(Free-text object descriptions)
______

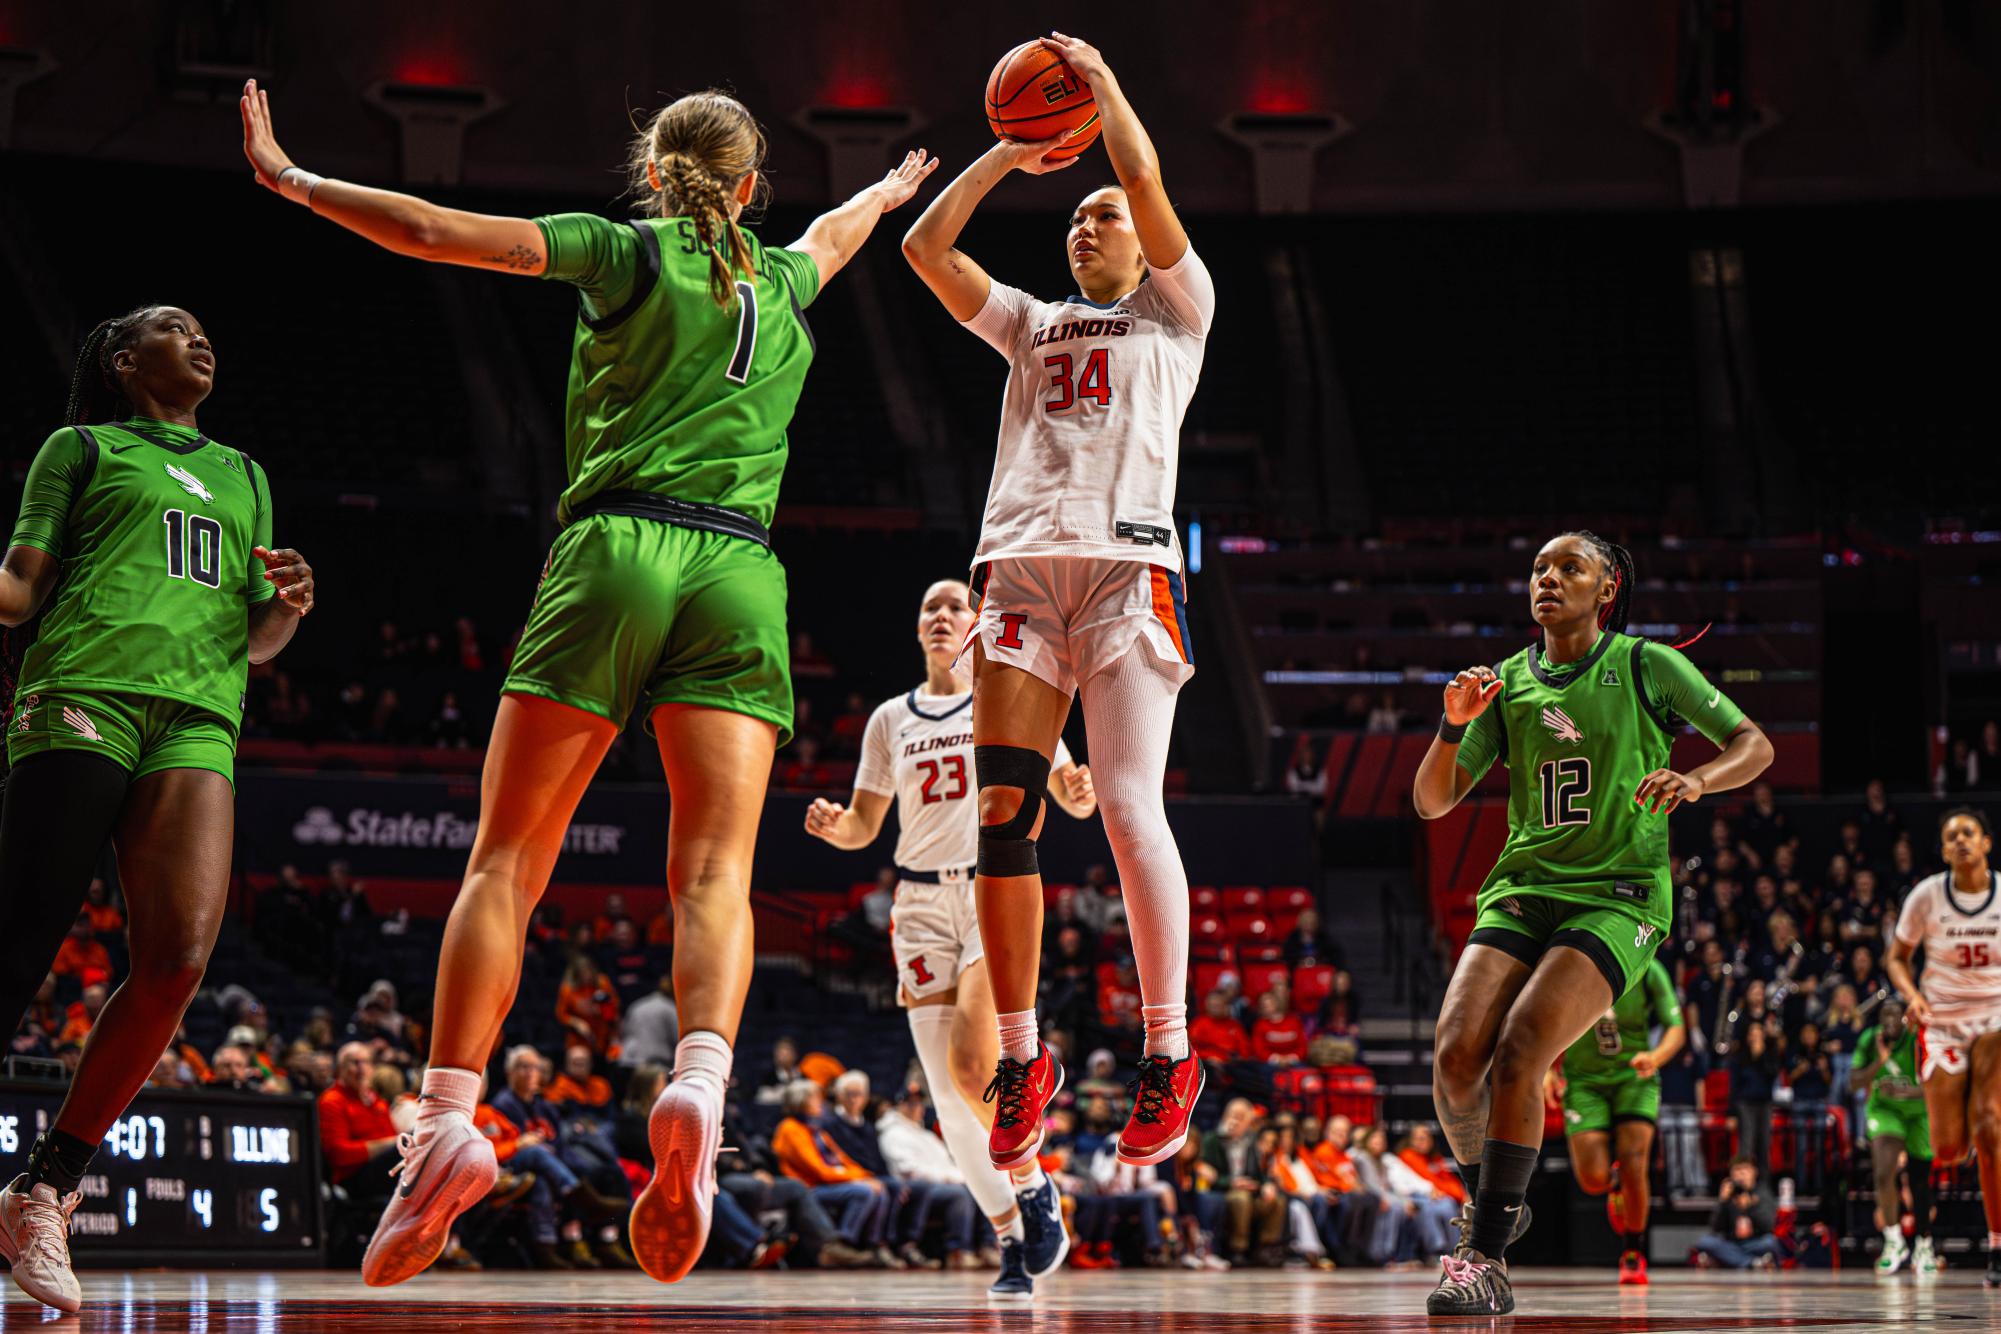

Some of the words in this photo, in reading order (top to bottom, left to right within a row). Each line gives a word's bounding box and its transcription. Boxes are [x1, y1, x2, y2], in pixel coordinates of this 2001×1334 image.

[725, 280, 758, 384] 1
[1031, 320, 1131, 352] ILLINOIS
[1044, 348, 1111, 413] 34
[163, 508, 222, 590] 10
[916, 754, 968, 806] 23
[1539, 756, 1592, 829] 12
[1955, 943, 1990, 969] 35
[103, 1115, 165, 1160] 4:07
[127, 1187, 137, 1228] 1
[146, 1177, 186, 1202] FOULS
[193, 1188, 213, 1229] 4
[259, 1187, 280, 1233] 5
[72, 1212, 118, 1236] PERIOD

______

Requirement
From the first line to the last, repeat the entries exactly and leave out the pictures.

Exercise solution
Some of the words in this photo, in reading order (top to bottom, left to right within a row). Each line gives a word's bounding box and its transcription. Boxes are [x1, y1, x2, y2], in pixel coordinates of this 2001×1334 image.

[725, 280, 758, 384] 1
[1031, 320, 1131, 352] ILLINOIS
[1044, 348, 1111, 413] 34
[163, 508, 222, 590] 10
[916, 754, 968, 806] 23
[1539, 756, 1592, 829] 12
[1955, 943, 1990, 969] 35
[103, 1115, 165, 1160] 4:07
[127, 1187, 137, 1228] 1
[146, 1177, 186, 1202] FOULS
[193, 1188, 213, 1229] 4
[259, 1187, 280, 1233] 5
[72, 1212, 118, 1236] PERIOD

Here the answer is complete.